──────── Dataset

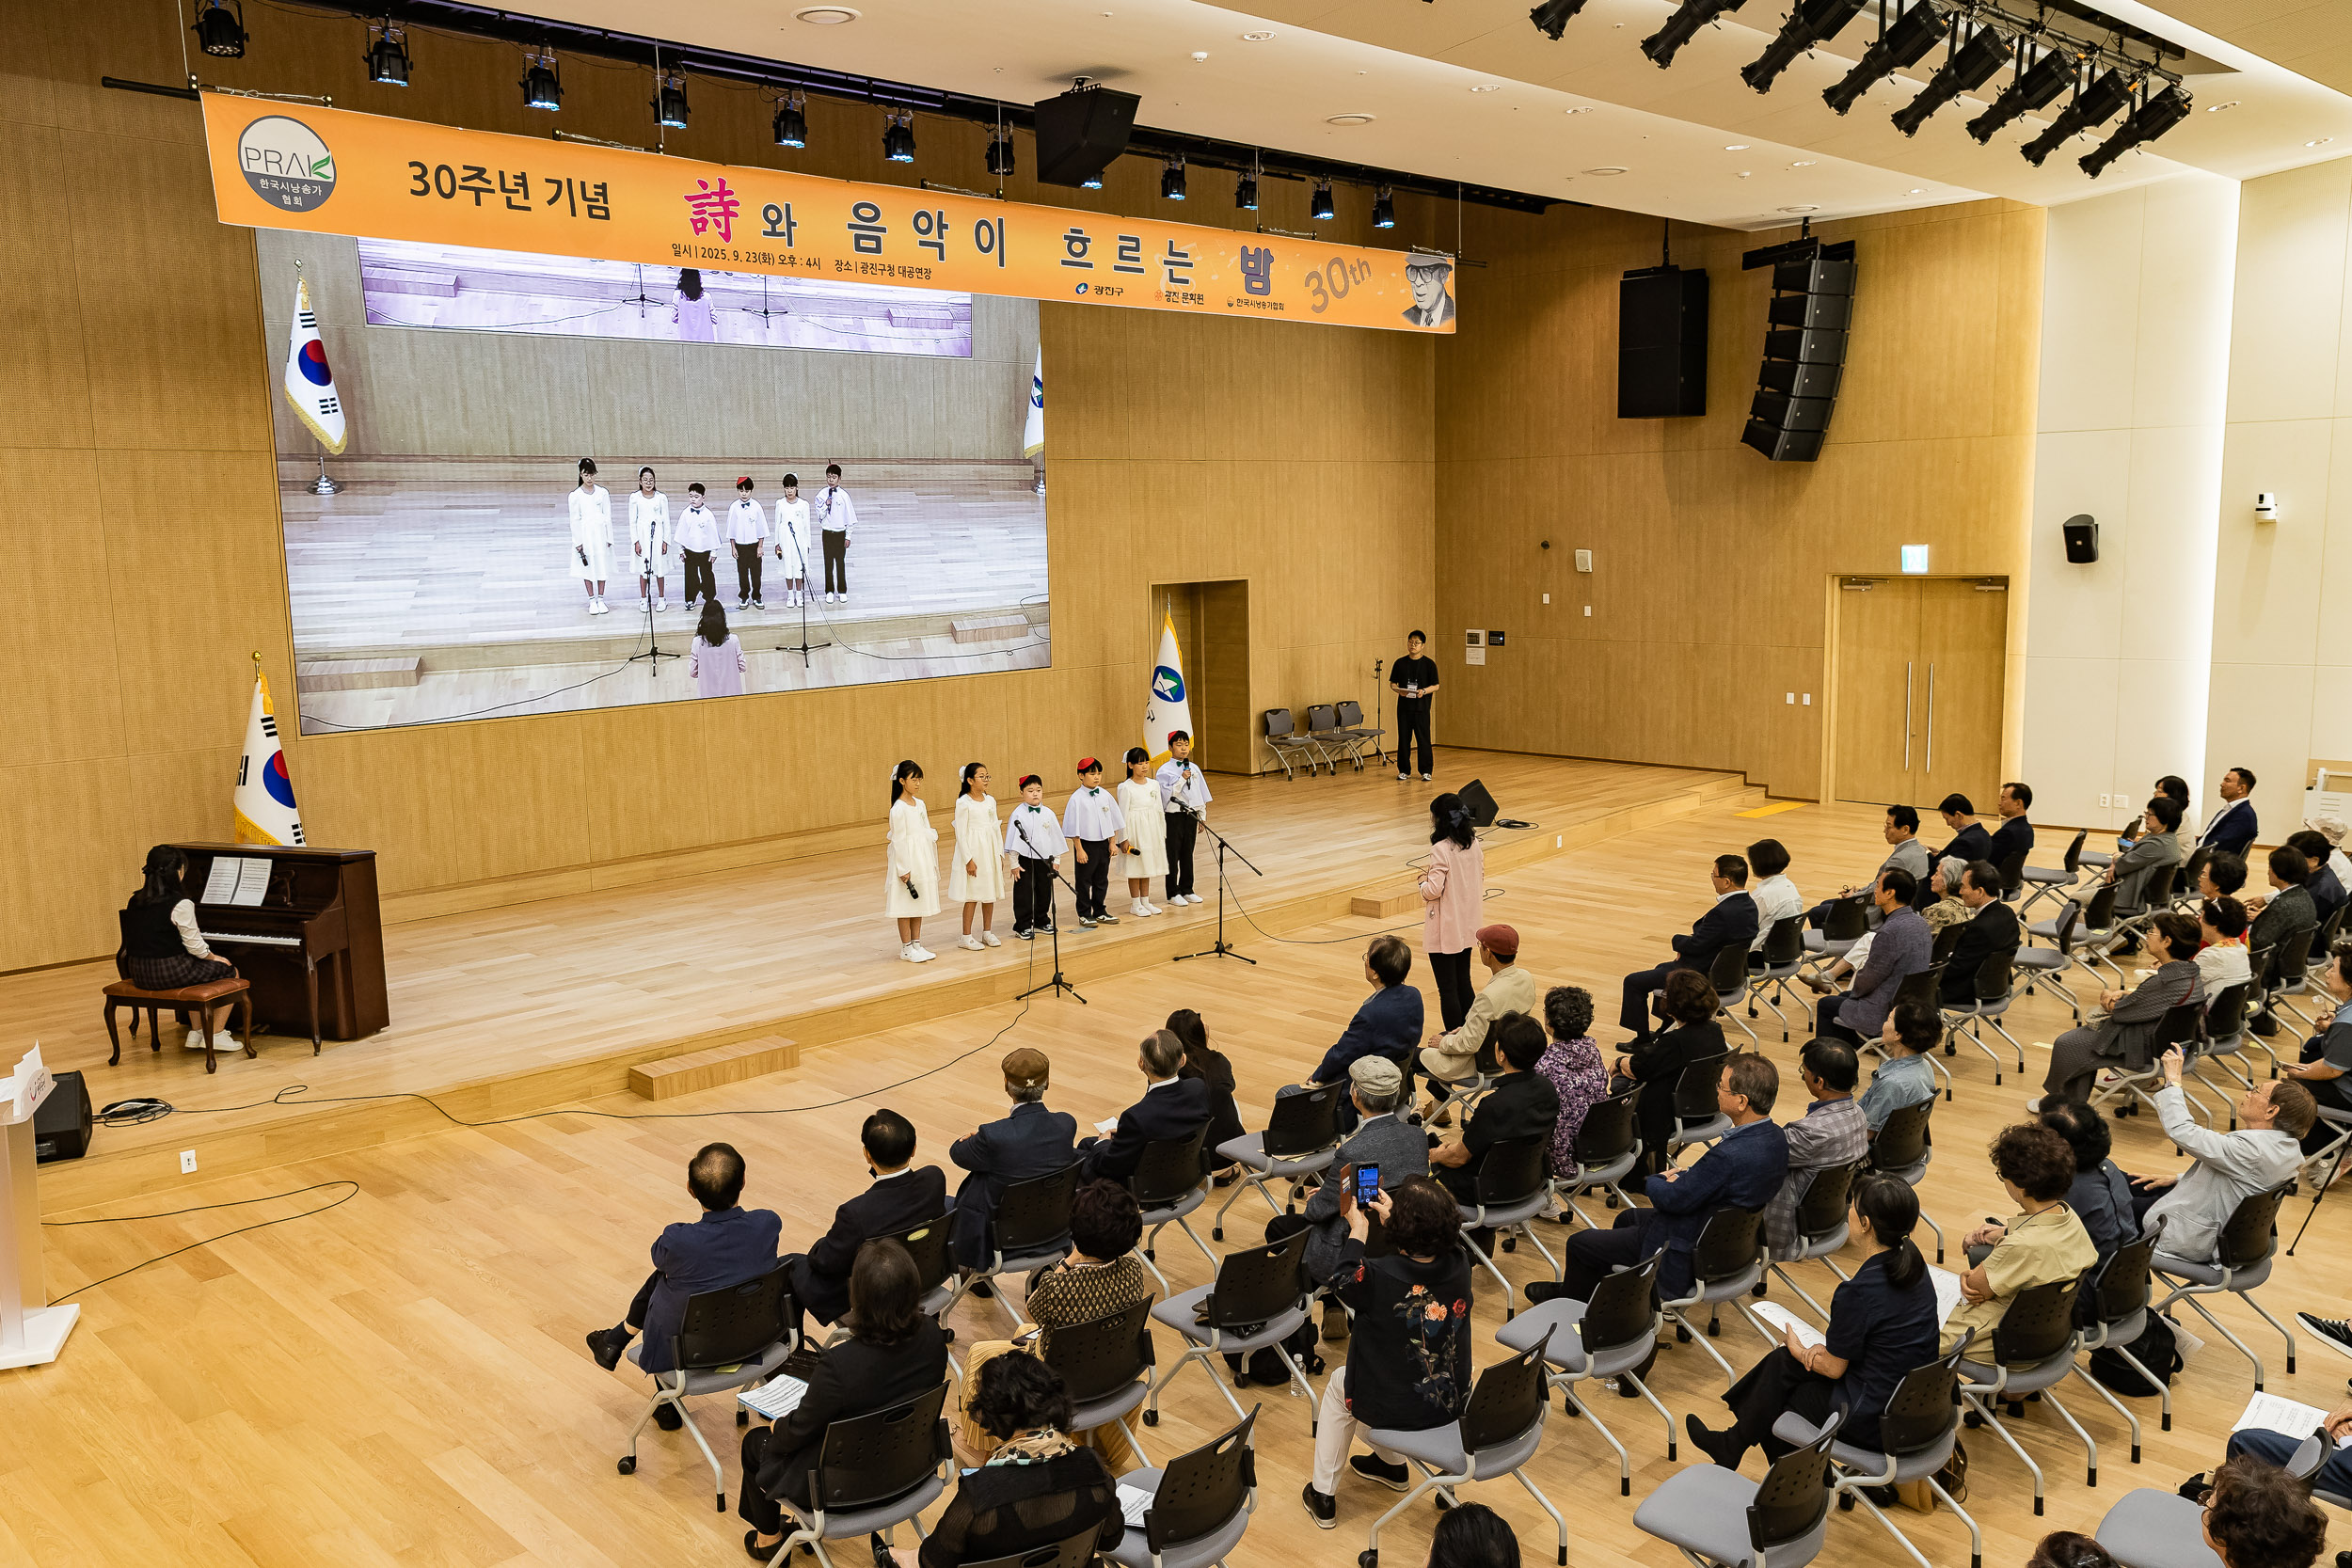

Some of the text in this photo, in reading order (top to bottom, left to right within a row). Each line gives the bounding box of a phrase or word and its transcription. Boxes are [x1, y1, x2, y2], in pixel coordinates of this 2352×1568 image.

[245, 146, 332, 180] PRAK
[259, 178, 323, 196] 한국시낭송가
[407, 160, 611, 221] 30주년 기념
[281, 194, 303, 207] 협회
[683, 177, 1275, 296] 詩와 음악이 흐르는 밤
[671, 243, 692, 258] 일시
[701, 246, 730, 261] 2025.
[733, 250, 743, 262] 9.
[746, 251, 775, 266] 23(화)
[778, 254, 798, 268] 오후
[805, 257, 821, 270] 4시
[834, 260, 853, 272] 장소
[860, 261, 896, 277] 광진구청
[898, 265, 932, 280] 대공연장
[1093, 285, 1124, 296] 광진구
[1304, 257, 1372, 313] 30th
[1164, 291, 1204, 305] 광진 문화원
[1236, 297, 1284, 310] 한국시낭송가협회

────────────────

For your answer, write out the data exactly and drop every picture.

## Output below
Some of the text in this photo, in reading order (top to bottom, left to right within a row). Each line gives the bounding box of a phrase or word and its transcription. Boxes are [x1, y1, x2, y2], in pixel coordinates of this 2352×1568 image.

[245, 146, 332, 180] PRAK
[259, 178, 323, 196] 한국시낭송가
[407, 160, 611, 221] 30주년 기념
[281, 194, 303, 207] 협회
[683, 177, 1275, 296] 詩와 음악이 흐르는 밤
[671, 243, 692, 258] 일시
[701, 246, 730, 261] 2025.
[733, 250, 743, 262] 9.
[746, 251, 775, 266] 23(화)
[778, 254, 798, 268] 오후
[805, 257, 821, 270] 4시
[834, 260, 853, 272] 장소
[860, 261, 896, 277] 광진구청
[898, 265, 932, 280] 대공연장
[1093, 285, 1124, 296] 광진구
[1304, 257, 1372, 313] 30th
[1164, 291, 1204, 305] 광진 문화원
[1236, 297, 1284, 310] 한국시낭송가협회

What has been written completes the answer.